Junto a ella aguardaba el conserje del instituto de secundaria, el señor Shelby.
Elena lanzó una última ojeada a las lejanas figuras del campo de rugby y luego, de mala gana, cruzó la pista para reunirse con Bonnie.
– Sólo quería decirle a Stefan adonde iba -dijo.

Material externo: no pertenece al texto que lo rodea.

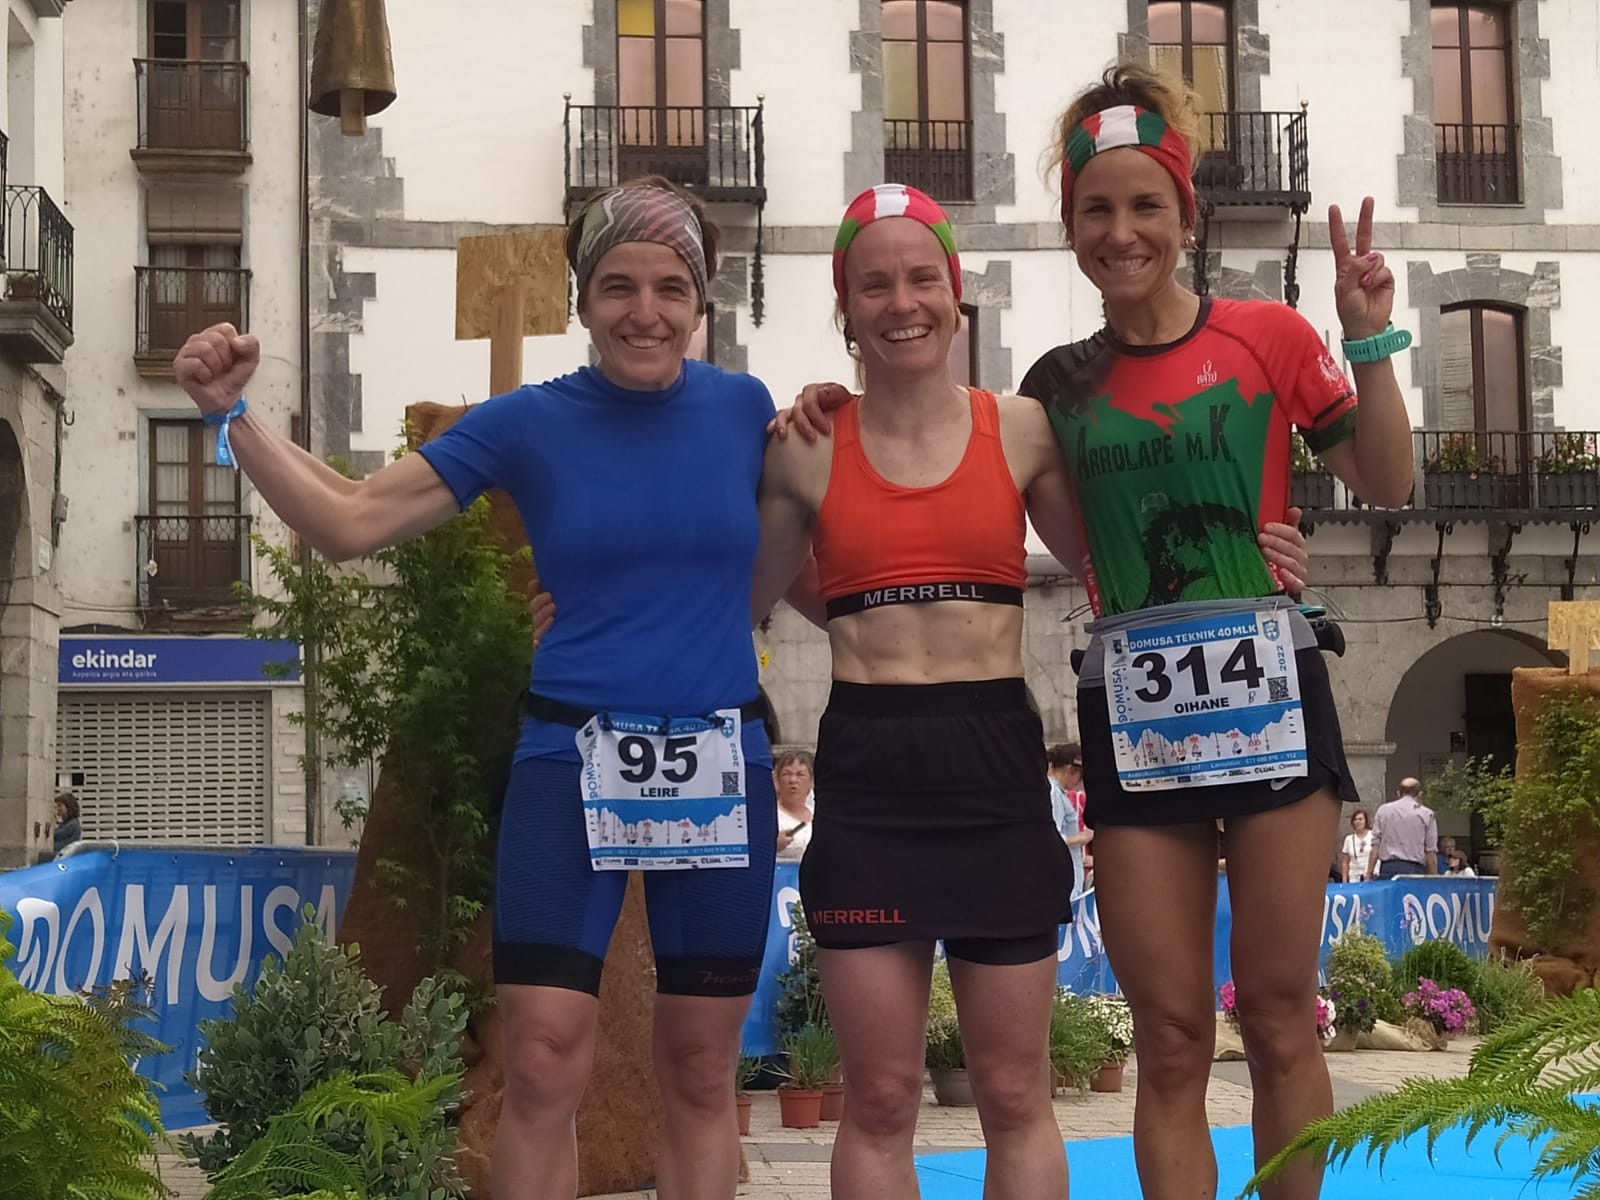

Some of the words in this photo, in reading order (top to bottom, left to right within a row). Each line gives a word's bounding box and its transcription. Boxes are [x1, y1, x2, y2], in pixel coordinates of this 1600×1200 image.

Tras una semana de estar con él, todavía sentía un estremecimiento de emoción con sólo pronunciar su nombre. Cada noche de aquella semana él había ido a su casa, apareciendo en la puerta cuando empezaba a caer la noche, con las manos en los bolsillos y llevando la americana con el cuello levantado. Por lo general daban un paseo bajo el crepúsculo o se sentaban en el porche a conversar. Aunque no se mencionaba, Elena sabía que era el modo de Stefan de asegurarse de que no estaban solos en la intimidad. Desde la noche del baile, él se había asegurado de ello. Protegiendo su honor, pensaba Elena con ironía y con una punzada de dolor, pues sabía en su corazón que ése no era el único motivo.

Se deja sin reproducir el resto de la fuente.